XXIII
Swanbeck dejó el auricular.
—Denver opina que nos queda muy poco tiempo. Los Chinches empiezan a llevar sus fuerzas a territorio nuevo. Denver nos puede proporcionar el éter. Pero hay que meterlo dentro de las cabezas de proyectil, de forma que se escape por el aire, y no se inflame...
—La única forma de llevarlo allí dentro es en uno de esos aviones.
—¿Y cómo?
Hubo un tenso silencio en torno a la mesa. Holden miró a Higgins.
—Usted saltó de uno de esos aparatos y aún vive. ¿Fue un salto muy bajo?
—De unos diez pies sobre las copas de los pinos —respondió Higgins—, cuando el avión aflojó la marcha y varió de rumbo.
—No es frecuente —afirmó Swanbeck—. Pero de noche, cuando ellos protegen los pasos de la Barrera, a veces bajan hasta cincuenta o setenta y cinco pies sobre el suelo.
Holden asintió y se volvió hacia Higgins.
—Usted estuvo en un avión. ¿Poseen algún rasgo especial?
—Seguro.
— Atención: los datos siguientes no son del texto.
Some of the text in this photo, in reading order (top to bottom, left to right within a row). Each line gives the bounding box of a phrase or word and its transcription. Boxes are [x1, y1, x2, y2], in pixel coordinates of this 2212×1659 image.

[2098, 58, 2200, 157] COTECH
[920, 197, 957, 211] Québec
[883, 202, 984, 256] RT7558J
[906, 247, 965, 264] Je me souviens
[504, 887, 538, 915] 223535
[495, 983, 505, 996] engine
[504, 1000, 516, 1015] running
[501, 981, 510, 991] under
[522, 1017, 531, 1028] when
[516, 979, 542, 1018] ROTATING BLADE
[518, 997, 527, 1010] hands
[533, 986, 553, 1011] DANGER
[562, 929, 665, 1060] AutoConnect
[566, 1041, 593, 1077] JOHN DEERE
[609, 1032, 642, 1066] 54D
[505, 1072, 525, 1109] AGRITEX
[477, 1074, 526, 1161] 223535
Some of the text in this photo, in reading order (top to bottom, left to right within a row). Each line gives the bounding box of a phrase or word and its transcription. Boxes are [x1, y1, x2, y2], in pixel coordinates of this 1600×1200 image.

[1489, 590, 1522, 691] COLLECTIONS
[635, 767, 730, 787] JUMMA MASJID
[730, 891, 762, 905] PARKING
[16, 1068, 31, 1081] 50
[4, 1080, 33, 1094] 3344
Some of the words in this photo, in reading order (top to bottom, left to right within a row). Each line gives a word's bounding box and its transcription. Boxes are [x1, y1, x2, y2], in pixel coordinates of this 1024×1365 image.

Las paredes son tan resistentes como el acero y de unas tres pulgadas de espesor.
—Los aviones tienen ventanillas. ¿Cómo son los cristales?
—Como una gruesa armadura.
Holden, exasperado, apartó la cajita para estudiar las fotografías que había debajo. Estudió el avión del tren de aterrizaje fijo. La tosquedad del mismo pareció azotarle el rostro.
—Bien —exclamó—. ¿Y este equipo inferior? ¿No podríamos disparar una flecha con un sedal de pescar entre el eje y el fuselaje?
—Hum... —hizo Swanbeck.
—¿Con un sedal atado? —se interesó Higgins. Miró a Delahaye, que asintió, y luego lastimeramente golpeó el cabestrillo de su compañero y sus muletas. Higgins pareció alicaído, pero en seguida se reanimó—. Podemos atraerlos hacia abajo. Incluso podríamos volver allá.
—¿Cómo? —preguntó Holden.
—Vigilamos mientras estuvimos allí. Poseen mucha fuerza, por lo que el Chinche medio no necesita reflexionar.
—Adelante.
—Bien, mientras estuvimos allí dentro, nuestro interrogador nos preguntó casualmente por Sherlock Holmes. ¿Sufría nuestra moral por no haber dicho personaje tomado parte en la guerra, ayudándonos?
Holden parpadeó, sobresaltado.
—¿Por qué les preguntó esto?
—Sólo existe una razón concebible. Creen que es un ser real.
—El tiempo vuela —intervino Swanbeck, consultando su reloj.
—Un momento —pidió Holden—. ¿Cuál es la relación?
—Nosotros introducimos la idea en sus mentes de que actualmente existe una civilización marciana. Si creen en una ¿por qué no creer en otra?
—¿Pero por qué tienen que creer en ambas?
—Porque existe la rutina, y por ella tienen equipos ocupándose de nuestra literatura, los llamados «Recuerdos Planetarios». Su forma de pensar es diferente de la nuestra, y todavía no captan ciertas cosas.
—¿Qué adelantamos con engañarles?
—Pensarán que un ejército marciano está dispuesto a descender sobre ellos. Al menos, perderán tiempo imaginando qué podría pasar en tal caso.
—¿Y cómo nos ayuda en conseguir que bajen? —quiso saber Holden.
—Tuvimos acceso —prosiguió Higgins— a las máquinas de efecto terrestre, y a las facilidades para fabricar grandes y pequeñas piezas de metal rápido.
—¿Bien, y qué?
—Sólo esto —contestó Higgins. Y cogiendo un pedazo de papel, comenzó a dibujar con rapidez, hablando al mismo tiempo en voz baja.